Could you please write out each line of the records exactly, minus the pictures?

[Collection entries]

-.-.-

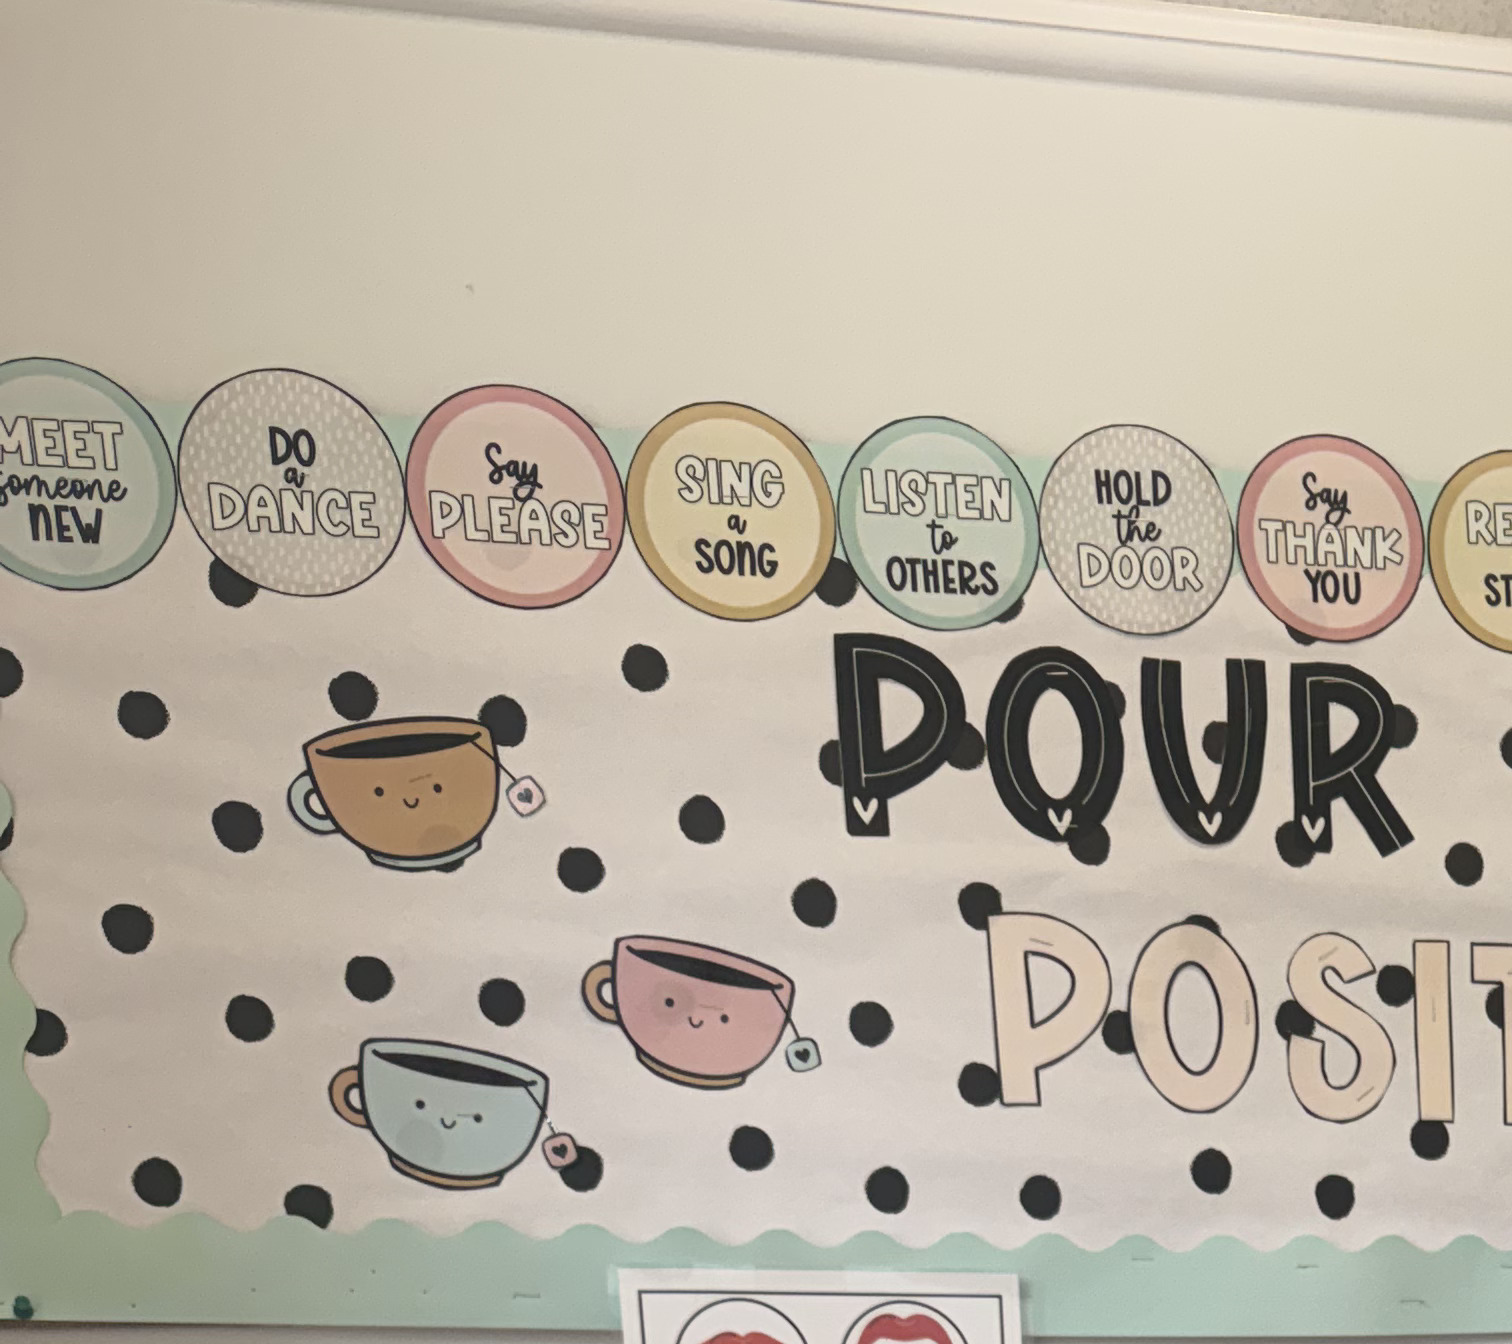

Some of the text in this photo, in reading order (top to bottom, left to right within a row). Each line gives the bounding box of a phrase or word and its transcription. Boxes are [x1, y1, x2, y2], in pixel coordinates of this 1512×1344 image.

[0, 416, 124, 471] MEET
[268, 426, 316, 467] DO
[284, 467, 305, 488] a
[485, 442, 542, 499] Say
[675, 455, 785, 509] SING
[860, 468, 1012, 522] LISTEN
[1094, 469, 1172, 507] HOLD
[208, 483, 380, 539] DANCE
[429, 491, 611, 551] PLEASE
[1302, 471, 1351, 522] Say
[727, 513, 747, 535] a
[926, 518, 959, 551] to
[1117, 505, 1162, 544] the
[1258, 519, 1403, 571] THANK
[694, 538, 779, 578] SONG
[886, 557, 999, 595] OTHERS
[1077, 543, 1203, 592] DOOR
[1303, 568, 1362, 605] YOU
[834, 632, 1416, 859] POUR

-.-.-

Exercise solution:
Some of the text in this photo, in reading order (top to bottom, left to right within a row). Each line gives the bounding box of a phrase or word and its transcription. Boxes are [x1, y1, x2, y2], in pixel coordinates of this 1512×1344 image.

[0, 416, 124, 471] MEET
[268, 426, 316, 467] DO
[284, 467, 305, 488] a
[485, 442, 542, 499] Say
[675, 455, 785, 509] SING
[860, 468, 1012, 522] LISTEN
[1094, 469, 1172, 507] HOLD
[208, 483, 380, 539] DANCE
[429, 491, 611, 551] PLEASE
[1302, 471, 1351, 522] Say
[727, 513, 747, 535] a
[926, 518, 959, 551] to
[1117, 505, 1162, 544] the
[1258, 519, 1403, 571] THANK
[694, 538, 779, 578] SONG
[886, 557, 999, 595] OTHERS
[1077, 543, 1203, 592] DOOR
[1303, 568, 1362, 605] YOU
[834, 632, 1416, 859] POUR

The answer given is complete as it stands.